By Peter Loftus and Ron Winslow 

The U.S. Food and Drug Administration approved the first therapy combining two cutting-edge cancer drugs that unleash the body's immune system against tumors--a combination that will cost more than $250,000 per patient for the first full year, according to its manufacturer.

Bristol-Myers Squibb Co. said Thursday the FDA approved the use of its drugs Yervoy and Opdivo for the treatment of advanced melanoma, a deadly form of skin cancer. Each immunotherapy previously was approved individually to treat melanoma; they work by different mechanisms to fight tumors.

The hefty price tag underscores a dilemma amid progress in cancer care: oncologists believe combinations of newer therapies have potential to improve treatment versus single-drug therapies, but the costs could strain health-care budgets as the cocktails are deployed against multiple cancer types. Bristol-Myers also is studying its Yervoy-Opdivo combination in lung cancer, which has a bigger patient population than melanoma.

"What we don't want to see is that cost becomes a factor in people getting the best kind of care that's available," said Tim Turnham, executive director of the nonprofit Melanoma Research Foundation.

He said it is difficult to assess whether the cost of the Bristol-Myers combination is justifiable because the magnitude of the treatment's benefit on patient survival isn't yet known. So far, studies have shown that it shrinks tumors and delays the time until either tumor progression or death compared with its component drugs alone.

A Bristol-Myers spokeswoman said "long-term survival, which is ultimately our goal and that of patients, should be given appropriate and significant consideration in assessing value." She added that only patients who continue to respond to the therapy stay on treatment.

Other expensive combinations have also hit the market. A two-drug melanoma regimen from Novartis AG costs about $18,869 for a 30-day supply, or roughly $226,428 per patient if taken for a year.
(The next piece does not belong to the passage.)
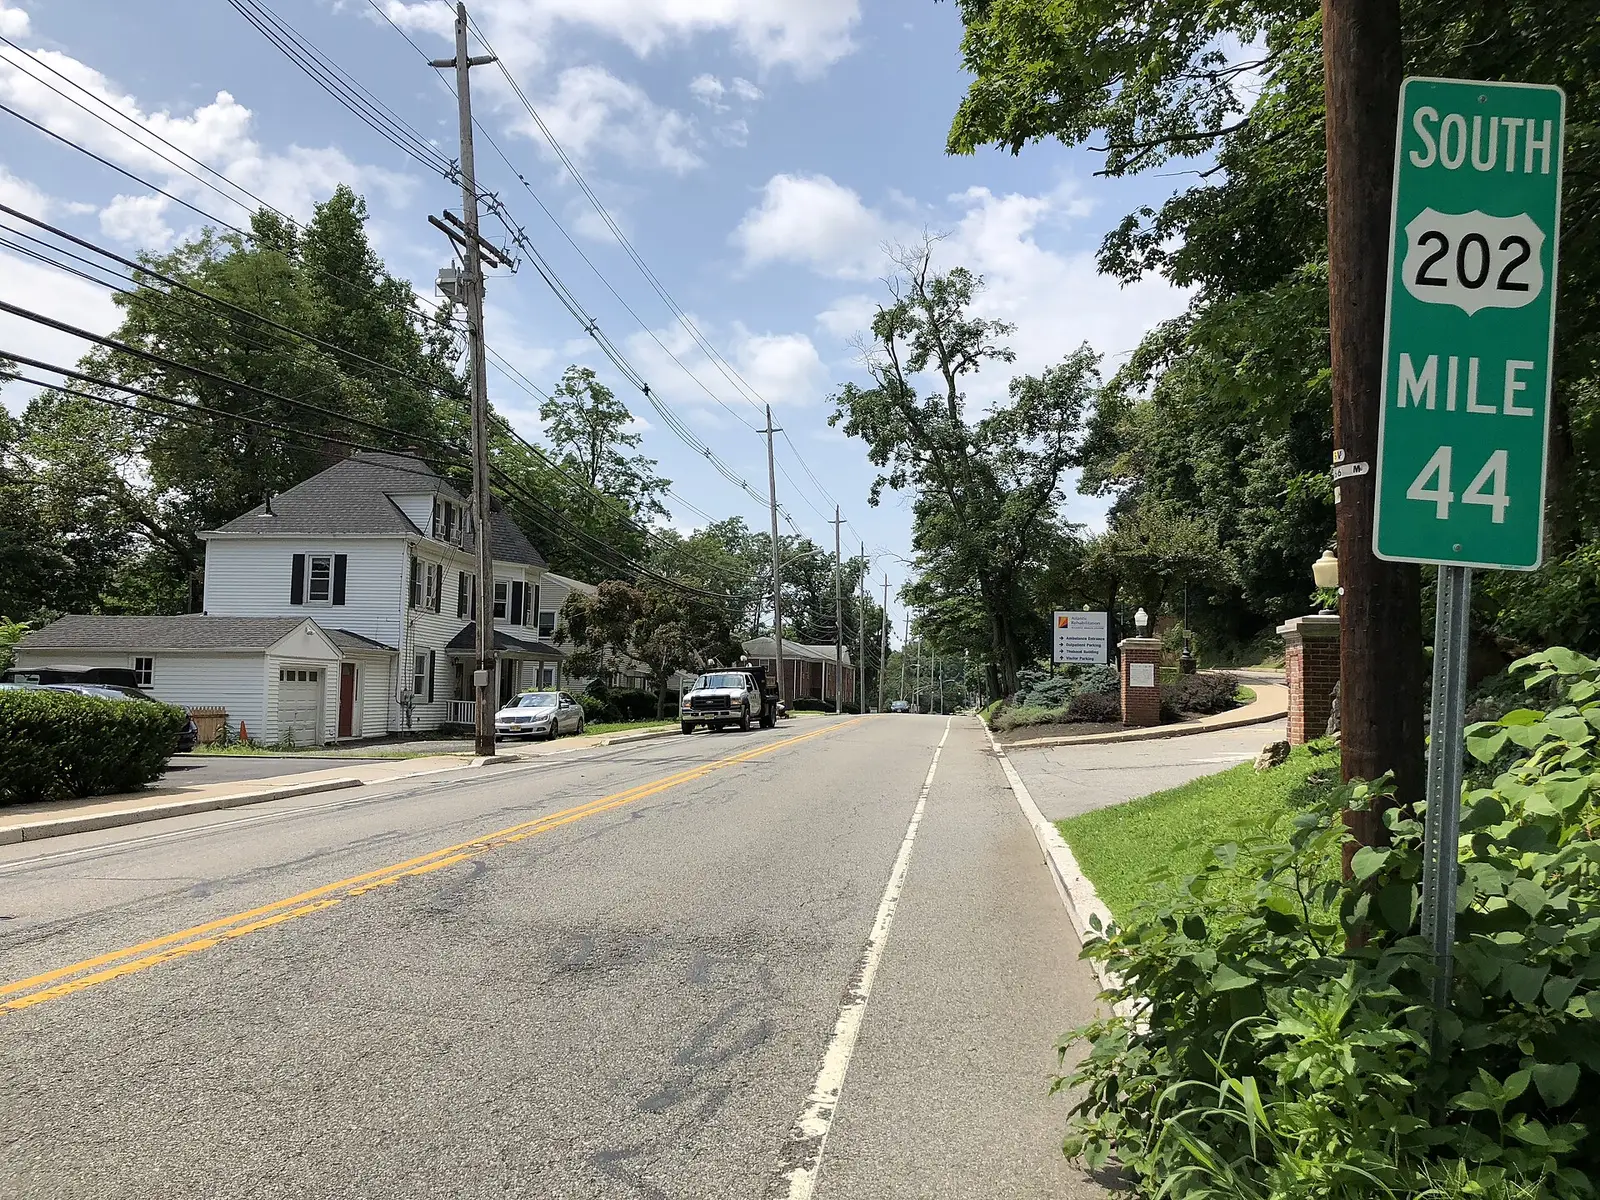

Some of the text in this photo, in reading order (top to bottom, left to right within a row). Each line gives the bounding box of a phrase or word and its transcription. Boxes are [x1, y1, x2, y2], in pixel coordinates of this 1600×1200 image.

[1410, 106, 1552, 174] SOUTH
[1415, 231, 1531, 292] 202
[1397, 353, 1534, 416] MILE
[1406, 446, 1510, 524] 44
A Novartis spokeswoman said studies have shown the combination prolongs patient survival.

The FDA based its approval of the Yervoy-Opdivo combination on a Bristol-funded study that showed the regimen significantly shrank tumors in 60% of melanoma patients, versus 11% of patients receiving Yervoy alone. The median time from start of treatment until disease progression or death--also known as progression-free survival--was 8.9 months among those receiving the combination, versus 4.7 months in the Yervoy-alone group.
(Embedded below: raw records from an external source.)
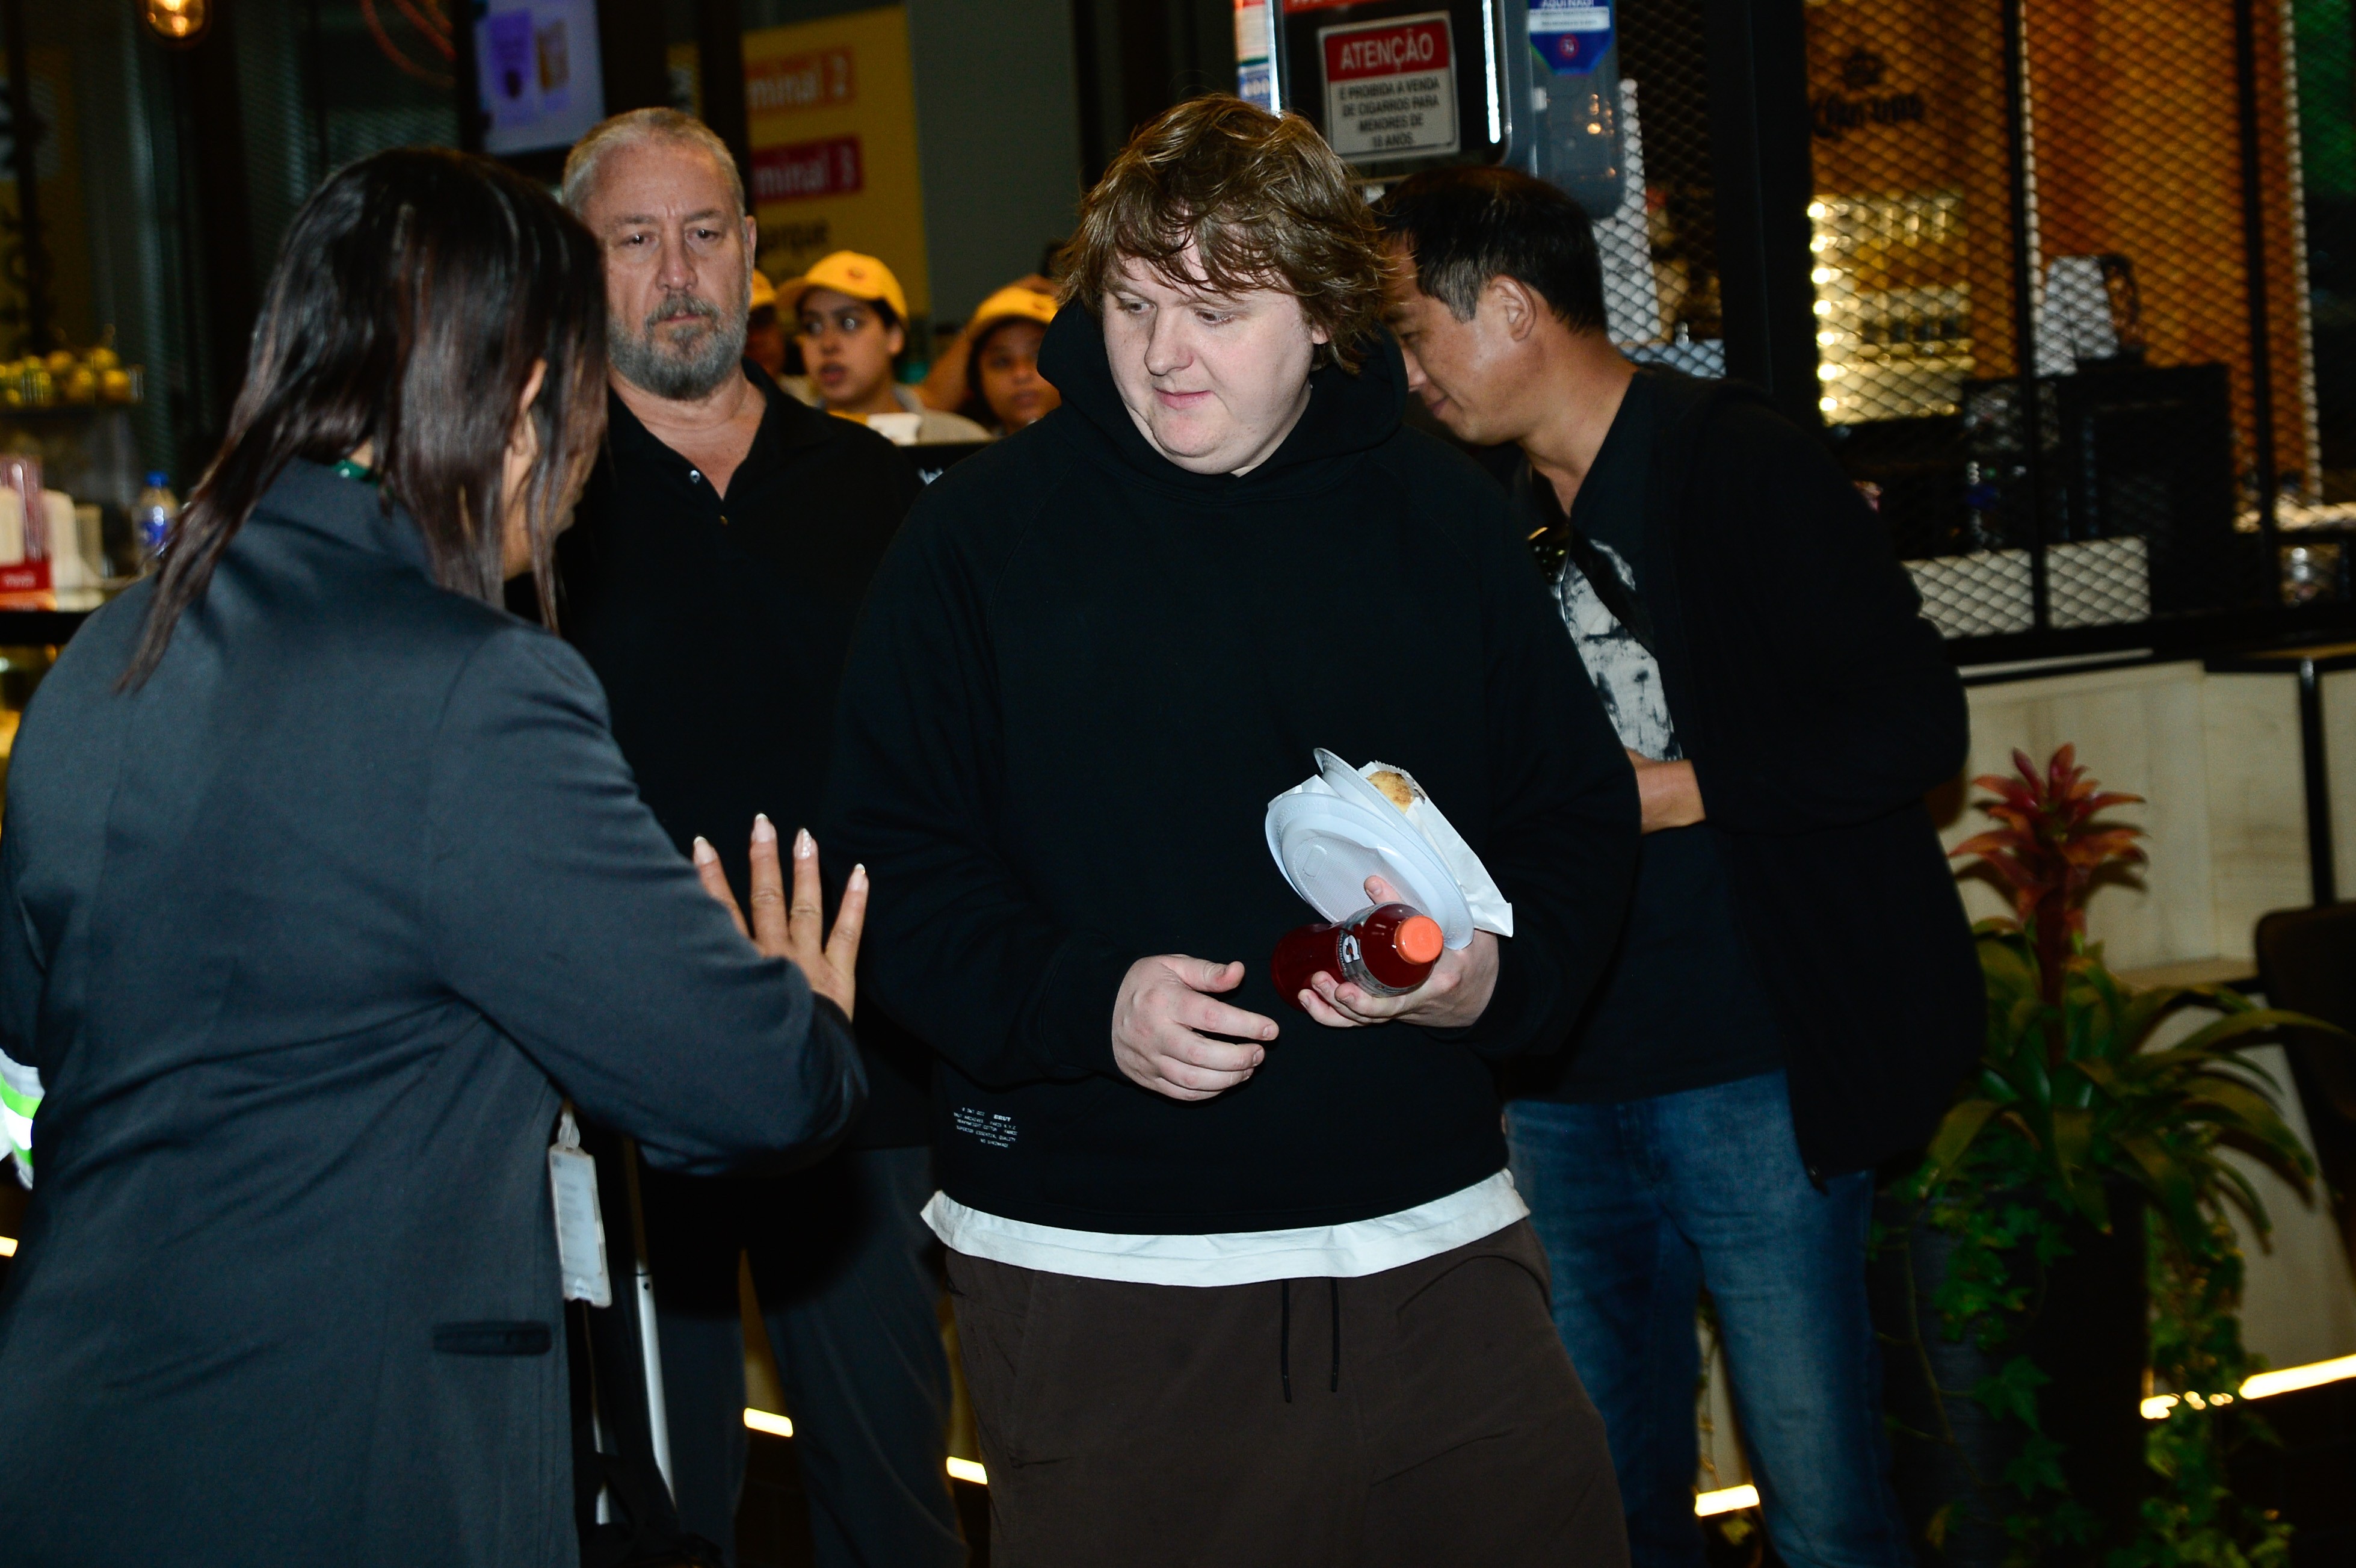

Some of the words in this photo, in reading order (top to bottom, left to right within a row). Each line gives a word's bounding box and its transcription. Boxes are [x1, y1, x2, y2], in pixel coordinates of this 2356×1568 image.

[1340, 28, 1434, 72] ATENÇÃO
[1348, 82, 1395, 99] PROIBIDA
[1396, 81, 1404, 92] A
[1405, 76, 1440, 92] VENDA
[1342, 104, 1354, 117] DE
[1358, 97, 1410, 116] CIGARROS
[1411, 94, 1440, 108] PARA
[1358, 115, 1409, 132] MENORES
[1410, 113, 1423, 126] DE
[1385, 132, 1413, 146] ANOS
"It is the first example of an immuno-oncology treatment that could produce an objective (tumor) response in the majority of patients," said Jedd Wolchok, chief of melanoma and immunotherapies service at Memorial Sloan Kettering Cancer Center, New York, and a leader of several studies of the combined treatments.

The combination also increased the risk of serious adverse events such as the gastrointestinal disorder colitis.

Dr. Wolchok said oncologists in community practices may need some education in managing the side effects, which are different from those resulting from chemotherapy and other cancer drugs. The new combination requires oncologists and nurses "to pay attention to toxicity so it can be reversed quickly," said Dr. Wolchok, who is a consultant for Bristol-Myers and whose institution gets grant support from the company.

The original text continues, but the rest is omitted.